In a similar way, the BJP has toppled as many as eight elected governments and formed its government even though it had no majority and now it’s doing the same in Maharashtra.

 The modus operandi of operation lotus is simple. If the opposition party wins the state election, the BJP will not accept the defeat and sit idle. It swings into action to woo the ruling party’s MLAs and offer them a hefty price and several incentives to rebel. In this way, the BJP is successful in breaking away many disgruntled MLAs.  They are marked and targeted and bought over with offers of cash and kind. First, the government is toppled, and then the BJP installs its government with utter disregard for democratic norms or public approval.

Since the BJP has come to power in 2014, elections have become ornamental in India.  Elections are only for the purpose of giving legitimacy to the democratic norms. We the people of India actually have no choice, as in the end, the BJP will form the government either by hook or crook.

When people are voting for the non-BJP parties and are successful in installing such a government, they never realize, that the BJP can upset their choice by masterminding the poaching of the MLAs. The BJP will influence some ruling party’s MLAs by offering them loads of currency and a ministerial birth. And that’s how the BJP converts its electoral defeat into a victory. This is ‘Operation Lotus.’

This statecraft is finely developed by the BJP since it’s in power in 2014. The BJP has made a mockery of democracy and the voters have no role to play in challenging such unethical political practices. The BJP rule has made elections to become meaningless in India. The voters too have sensed their game-plan and view elections as an opportunity to make money.

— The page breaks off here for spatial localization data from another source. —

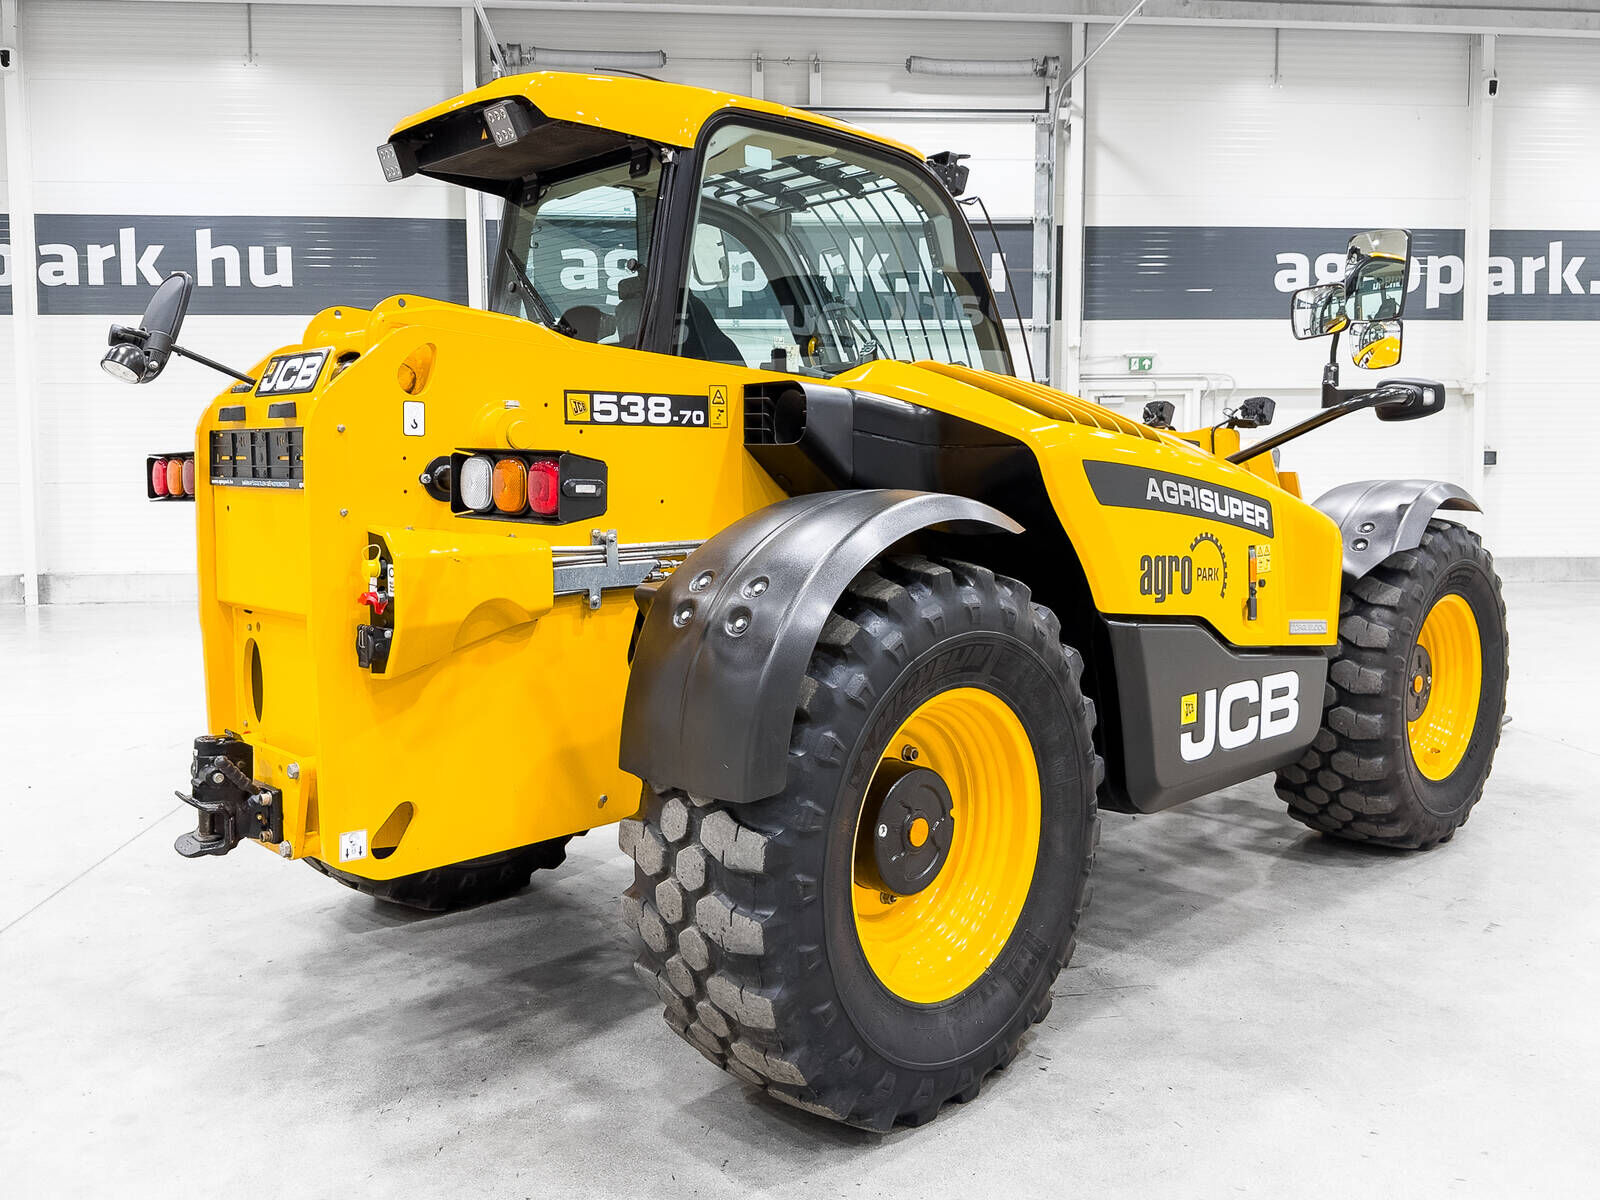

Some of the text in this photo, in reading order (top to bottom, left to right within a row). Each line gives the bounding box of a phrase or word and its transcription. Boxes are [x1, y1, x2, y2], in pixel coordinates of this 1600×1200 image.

[260, 356, 323, 392] JCB
[592, 394, 705, 424] 538-70
[1146, 477, 1269, 530] AGRISUPER
[1140, 554, 1219, 603] agro PARK
[1180, 670, 1300, 761] JCB

This is BJP’s game-plan to tame the democracy and make the elections irrelevant. The BJP has developed a mastery over such statecraft where elections have become redundant because even if it loses, it’s going to install its government somewhere down the line. The BJP’s domination over all independent and constitutional institutions ensures the party wins even when people are unwilling to accept such a government.

Such assault on democracy is going on unabated in the BJP rule. As far as the BJP is concerned, it will make the wrong look right through its “Godi media.” The media will extoll such unethical acts and side with the government’s unscrupulous tactics, abandoning the democratic forces.

A Sweden-based institute has said that India is no longer an ‘electoral democracy.’ It has classified India as an ‘electoral autocracy.’ The V-Dem Institute observed that India was on the verge of losing its status as a democracy and says “world’s largest democracy has turned into an electoral autocracy.

The report concludes; “These developments are among the instances contributing India to the descent into electoral authoritarianism in what used to be the world’s largest democracy.”